WHAT YOU NEED TO DO:
Print out each entry below exactly; do not carry over any image.

AVAILABLE DATA:

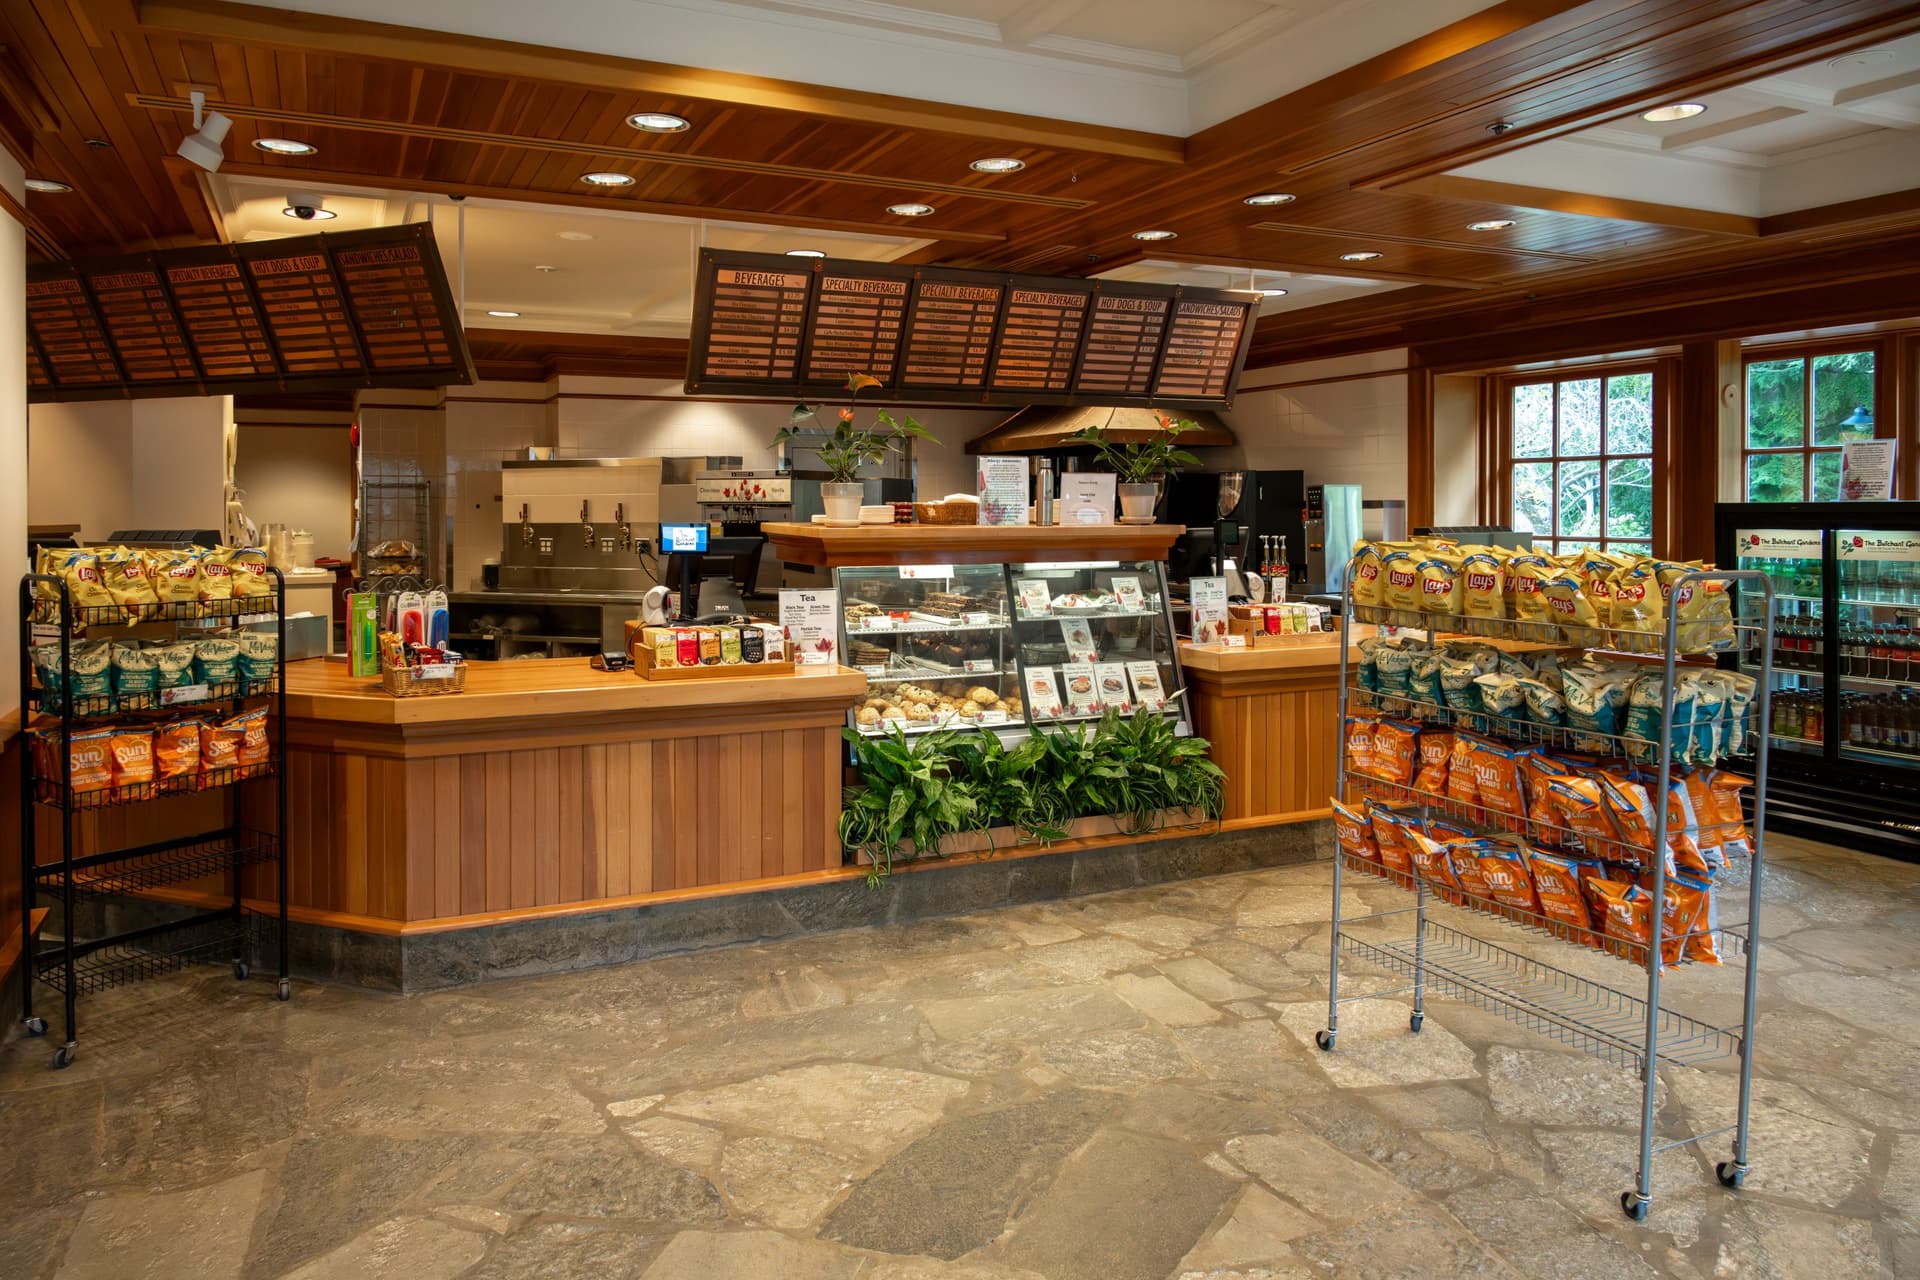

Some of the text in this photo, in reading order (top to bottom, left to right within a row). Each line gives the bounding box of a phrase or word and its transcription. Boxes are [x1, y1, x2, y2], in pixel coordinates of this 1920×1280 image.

[254, 259, 269, 274] HOT
[269, 257, 292, 273] DOGS
[299, 256, 320, 270] SOUP
[734, 272, 785, 287] BEVERAGES
[825, 278, 904, 294] SPECIALTY BEVERAGES
[921, 284, 999, 300] SPECIALTY BEVERAGES
[1014, 291, 1083, 307] SPECIALTY BEVERAGES
[1101, 298, 1116, 309] HOT
[1117, 299, 1136, 310] DOGS
[1143, 301, 1162, 312] SOUP
[799, 594, 816, 602] Tea
[176, 737, 199, 753] Su
[71, 751, 104, 772] Sun
[116, 745, 149, 764] Sun

RESULT:
Some of the text in this photo, in reading order (top to bottom, left to right within a row). Each line gives the bounding box of a phrase or word and its transcription. Boxes are [x1, y1, x2, y2], in pixel coordinates of this 1920×1280 image.

[254, 259, 269, 274] HOT
[269, 257, 292, 273] DOGS
[299, 256, 320, 270] SOUP
[734, 272, 785, 287] BEVERAGES
[825, 278, 904, 294] SPECIALTY BEVERAGES
[921, 284, 999, 300] SPECIALTY BEVERAGES
[1014, 291, 1083, 307] SPECIALTY BEVERAGES
[1101, 298, 1116, 309] HOT
[1117, 299, 1136, 310] DOGS
[1143, 301, 1162, 312] SOUP
[799, 594, 816, 602] Tea
[176, 737, 199, 753] Su
[71, 751, 104, 772] Sun
[116, 745, 149, 764] Sun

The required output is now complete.